Some people have a hard time understanding community outside their own. They have circles of friends, their families, their churches, and they can’t seem to see outside them. But there are larger communities, and they can manifest in ways that shock people who aren’t expecting them. This is what happened with the Women’s March in January: a huge community of women and those who support them, standing together for their own reasons, but in solidarity and resistance against forces that would oppress them.
That women could form such a community remains problematic for those stuck in their own small ones, and the world of evangelical Christianity was one community that was immediately vexed by it. Aside from a small segment known as the Christian Left, much of the evangelical world still believes that women are subject to the will of men. Pseudo-Christians think that women’s opinions, desires, and dreams come third, behind God and then their husband (or father, brothers, or other male “authority” figures). In order to mentally process the concept of women rising up to voice their own agency, evangelists must justify women’s actions within the ideological confines of their own faith.
This was Lori Bakker’s intention yesterday when she claimed that the women who participated in the March must have been abused as children:
Most women like that have been molested, they’ve been abused, they’ve been whatever in their life. You just have to go back to, typically, early childhood and things like that. And they just need the healing of the lord.
Her statement came, of course, only after her husband, Jim Bakker’s:
I looked them all over. They’re hurting. They’re broken. They’re beaten down. They’re not even healthy. So many of them weren’t healthy looking, even. They looked like they’ve been through a war, some of them.
You perhaps remember Jim Bakker from his sex scandal and subsequent discovery of financial shenanigans back in the late 80s. Along with his then-wife Tammy Faye, Jim successfully recovered the life savings of many a little old lady, securing them for himself and his television ministry. Such a godly man would indeed have some special insight into what makes a strong woman strong, being as his message depends on breaking that spirit.

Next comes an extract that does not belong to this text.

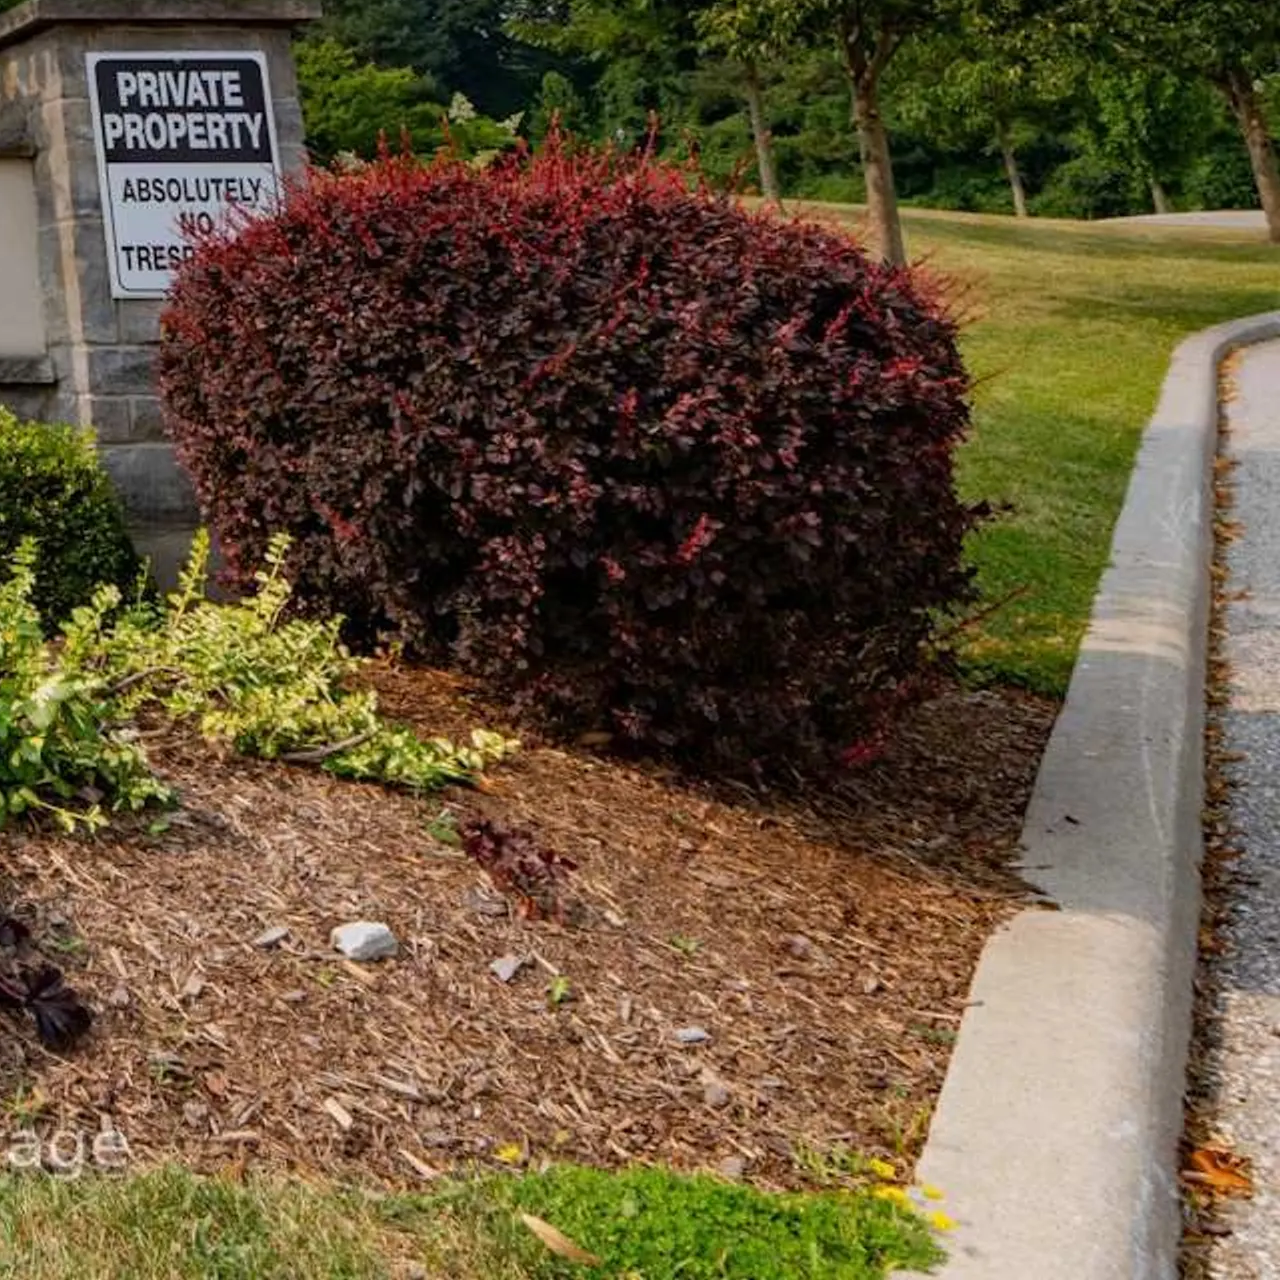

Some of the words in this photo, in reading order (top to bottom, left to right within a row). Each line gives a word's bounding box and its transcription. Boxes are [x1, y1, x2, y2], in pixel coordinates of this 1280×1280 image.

[116, 71, 244, 107] PRIVATE
[103, 112, 263, 150] PROPERTY
[122, 177, 262, 203] ABSOLUTELY

I had supposed I was going to write this piece and make fun of the asinine statements and assumptions of evangelicals who just can’t grasp women thinking for themselves. But I grew up with televangelists, in a Pentecostal church. Pat Robertson, Jimmy Swaggart, Jerry Falwell, you name it. I must have watched The 700 Club, well… religiously, for roughly my entire childhood. That’s what my mom watched, and we were not the sort of family with more than one television. Whether I wanted it or not, I came to know the lineup of the Christian Broadcasting Network as well as my school schedule. And knowing them as I do, I know that once you get past the scummy, money-hungry power center in front of the camera, the folks that believe this stuff are actually more deserving of pity than scorn.
My sympathies go out to those affected by Lori Bakker’s insensitive and thoughtless comments:
Dear Lori Bakker, the only thing that abused me a growing up was the church's insane ideas.
— Jessi Bennett (@jekahben) February 8, 2017
— L. M. Blaine (@Laurab4redux) February 8, 2017
You're an idiot Lori Bakker. We laugh at you. You're doing sketch comedy right? https://t.co/kcgKLdmS1U
— Tricia resist Nixx (@P_Nixx) February 8, 2017
I hope that one day Lori Bakker will understand the damage she does to the world every time she undermines women. Maybe her small community is complete with men at the head of the table, but it’s not the way the rest of the world works.